The following picture is the the wedge-shaped solid, the volume of which is used as the basis for the valuation of the call option according to the method of Black-Scholes and Merton. You can rotate this with the mouse, and zoom by holding shift.

Notice that this displays two wedges, one corresponding to a safer stock, with a taller, more peaked probability distribution (and thinner tails) and one corresponding to a riskier stock, that has a flatter distribution of prices and fatter tails. 

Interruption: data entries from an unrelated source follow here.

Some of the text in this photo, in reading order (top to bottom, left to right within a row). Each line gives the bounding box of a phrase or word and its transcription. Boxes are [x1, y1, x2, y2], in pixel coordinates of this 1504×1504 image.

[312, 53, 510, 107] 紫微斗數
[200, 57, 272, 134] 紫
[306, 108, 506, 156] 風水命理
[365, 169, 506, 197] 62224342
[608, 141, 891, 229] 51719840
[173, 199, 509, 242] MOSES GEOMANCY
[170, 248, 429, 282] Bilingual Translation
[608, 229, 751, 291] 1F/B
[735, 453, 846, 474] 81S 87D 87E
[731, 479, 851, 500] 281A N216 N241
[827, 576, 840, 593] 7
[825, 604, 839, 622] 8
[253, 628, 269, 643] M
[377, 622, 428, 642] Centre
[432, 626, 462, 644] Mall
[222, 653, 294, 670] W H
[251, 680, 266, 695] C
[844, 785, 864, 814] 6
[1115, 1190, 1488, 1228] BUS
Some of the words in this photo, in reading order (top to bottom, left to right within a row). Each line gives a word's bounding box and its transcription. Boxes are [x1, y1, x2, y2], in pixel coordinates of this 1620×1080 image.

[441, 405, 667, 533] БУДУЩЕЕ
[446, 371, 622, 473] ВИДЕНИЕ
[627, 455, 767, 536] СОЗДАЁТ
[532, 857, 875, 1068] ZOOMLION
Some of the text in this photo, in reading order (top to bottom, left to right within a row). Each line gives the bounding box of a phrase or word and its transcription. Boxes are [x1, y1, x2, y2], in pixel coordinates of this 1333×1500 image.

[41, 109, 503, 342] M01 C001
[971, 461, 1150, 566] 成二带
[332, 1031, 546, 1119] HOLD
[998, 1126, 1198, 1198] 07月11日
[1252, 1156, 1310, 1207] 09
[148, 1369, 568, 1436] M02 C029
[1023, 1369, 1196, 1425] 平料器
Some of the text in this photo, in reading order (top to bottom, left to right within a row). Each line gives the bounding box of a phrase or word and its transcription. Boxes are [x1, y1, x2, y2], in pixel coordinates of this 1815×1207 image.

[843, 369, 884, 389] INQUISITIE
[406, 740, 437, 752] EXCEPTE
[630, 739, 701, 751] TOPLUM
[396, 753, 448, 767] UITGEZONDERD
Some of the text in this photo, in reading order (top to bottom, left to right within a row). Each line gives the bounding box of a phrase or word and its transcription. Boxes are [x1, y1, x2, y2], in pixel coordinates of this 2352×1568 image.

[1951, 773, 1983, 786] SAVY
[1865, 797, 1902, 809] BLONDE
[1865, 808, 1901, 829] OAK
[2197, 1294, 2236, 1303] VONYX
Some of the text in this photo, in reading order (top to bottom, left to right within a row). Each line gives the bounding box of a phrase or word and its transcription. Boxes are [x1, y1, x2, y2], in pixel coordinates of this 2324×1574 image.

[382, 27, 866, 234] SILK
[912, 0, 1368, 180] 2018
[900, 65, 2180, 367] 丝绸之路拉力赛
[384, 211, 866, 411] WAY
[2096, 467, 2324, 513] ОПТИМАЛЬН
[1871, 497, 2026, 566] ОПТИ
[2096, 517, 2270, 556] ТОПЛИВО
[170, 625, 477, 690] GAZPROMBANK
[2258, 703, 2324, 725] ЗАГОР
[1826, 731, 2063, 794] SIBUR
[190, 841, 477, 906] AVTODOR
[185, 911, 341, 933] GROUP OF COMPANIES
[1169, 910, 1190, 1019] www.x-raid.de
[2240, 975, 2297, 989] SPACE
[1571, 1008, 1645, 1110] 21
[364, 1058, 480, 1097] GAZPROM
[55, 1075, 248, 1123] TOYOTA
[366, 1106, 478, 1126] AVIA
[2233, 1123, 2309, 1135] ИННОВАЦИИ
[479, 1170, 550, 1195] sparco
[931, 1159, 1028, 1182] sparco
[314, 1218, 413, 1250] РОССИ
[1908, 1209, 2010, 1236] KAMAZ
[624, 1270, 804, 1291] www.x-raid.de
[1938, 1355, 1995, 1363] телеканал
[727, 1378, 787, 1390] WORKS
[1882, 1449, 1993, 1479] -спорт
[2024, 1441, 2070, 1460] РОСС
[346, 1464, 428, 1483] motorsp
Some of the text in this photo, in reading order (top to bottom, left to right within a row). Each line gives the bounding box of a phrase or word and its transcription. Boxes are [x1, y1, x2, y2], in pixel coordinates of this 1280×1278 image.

The point of the graph is to illustrate that calls on riskier stocks are more valuable. This is a counterintuitive notion in abstract, particularly since riskier goods are less desirable, hence less valuable. Seeing the call-valuation wedge should indicate why the call on the riskier stock is more valuable: Its fatter tail adds a lot to its volume compared to the volume that is added because of the thinner tail of the safe stock because of the large option payouts that correspond to this region. The higher peak of the safe stock stock does not compensate for the lost volume because this exists in the thin part of the wedge, where the option payouts are small.

If you are perplexed because the two distributions appear to not be located at the same mean, you are very observant! The peaks of the two distributions do not coincide, although their means are the same, because the distribution used is the LogNormal, which is not symmetric. Since only one tail exists to become fatter as standard deviation increases, the peak moves away from the tail to maintain the mean constant.